### WORK TASK
Extract the records below word for word and ignore the images.

- - - - -

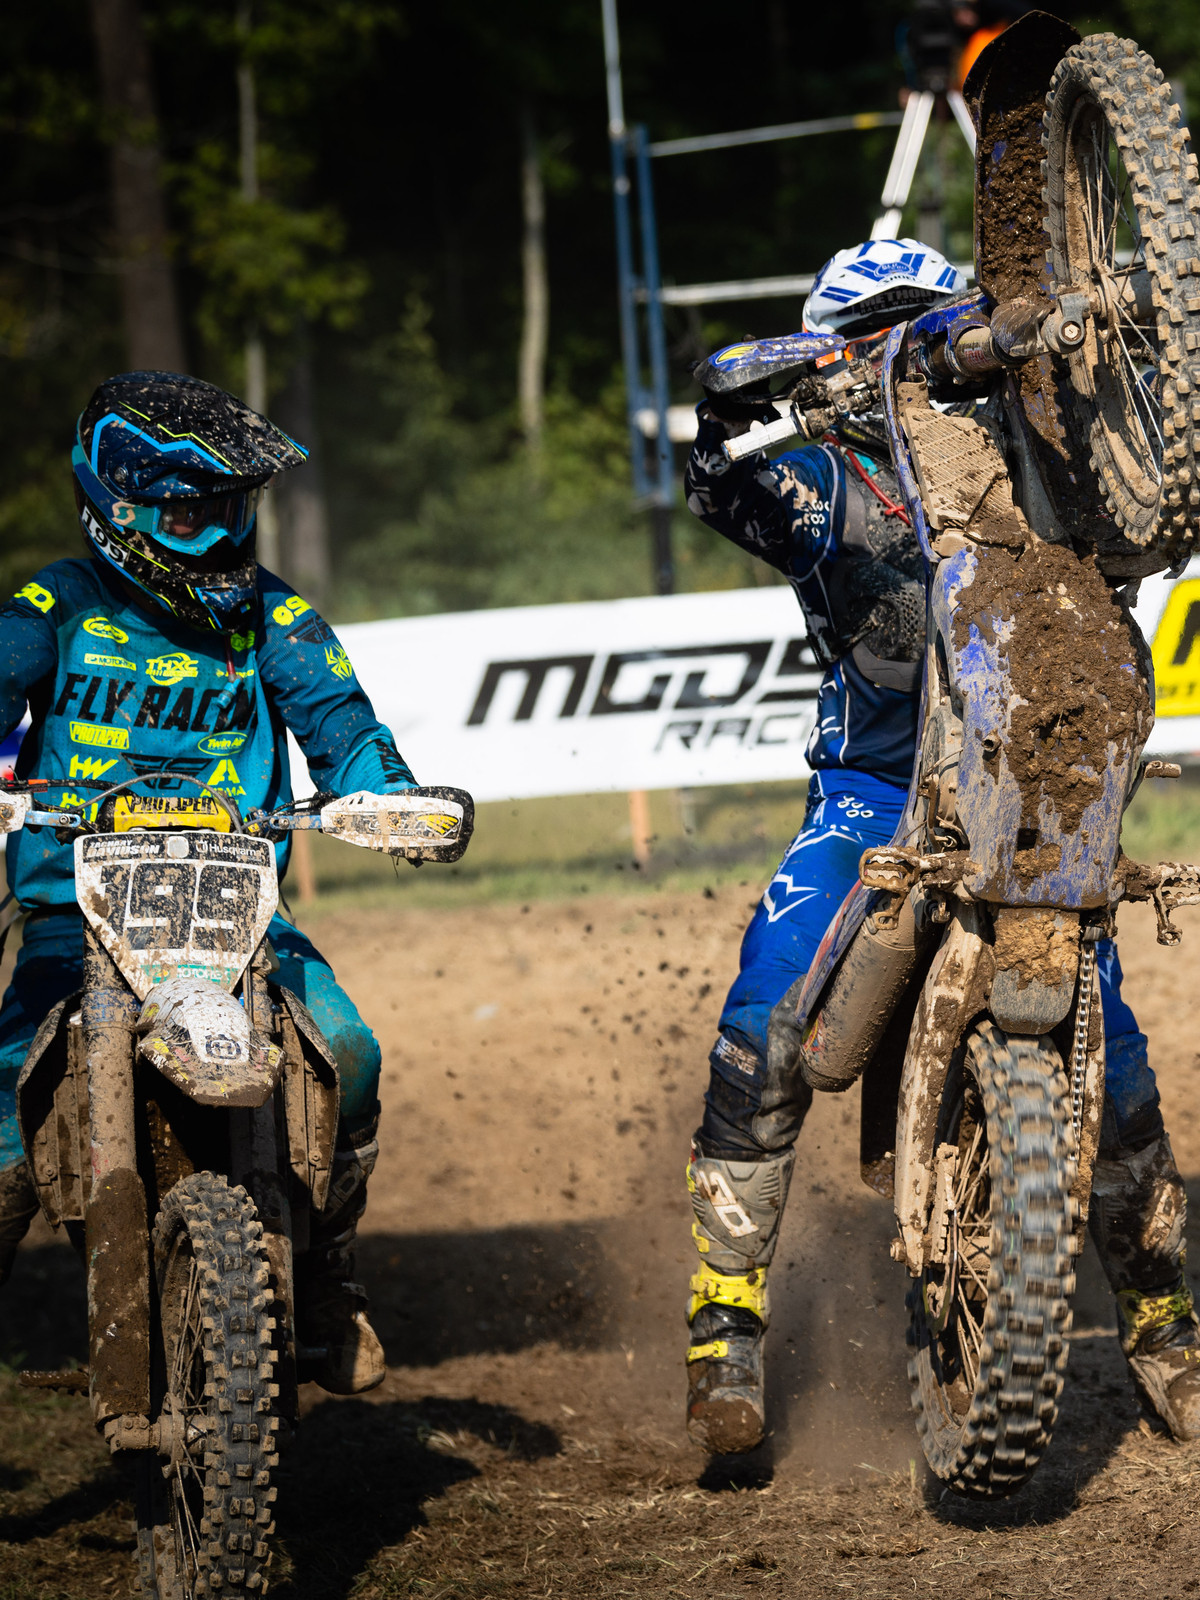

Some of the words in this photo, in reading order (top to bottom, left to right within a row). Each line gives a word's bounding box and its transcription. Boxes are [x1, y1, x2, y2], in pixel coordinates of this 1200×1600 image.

[84, 509, 124, 563] 199
[54, 672, 136, 723] FLY
[133, 684, 258, 733] RACIN
[466, 637, 823, 726] MOOS
[72, 724, 128, 747] PROTAPER
[100, 862, 261, 954] 199

- - - - -

### REPLY TO THE TASK
Some of the words in this photo, in reading order (top to bottom, left to right within a row). Each line gives a word's bounding box and its transcription. Boxes are [x1, y1, x2, y2], in pixel coordinates of this 1200×1600 image.

[84, 509, 124, 563] 199
[54, 672, 136, 723] FLY
[133, 684, 258, 733] RACIN
[466, 637, 823, 726] MOOS
[72, 724, 128, 747] PROTAPER
[100, 862, 261, 954] 199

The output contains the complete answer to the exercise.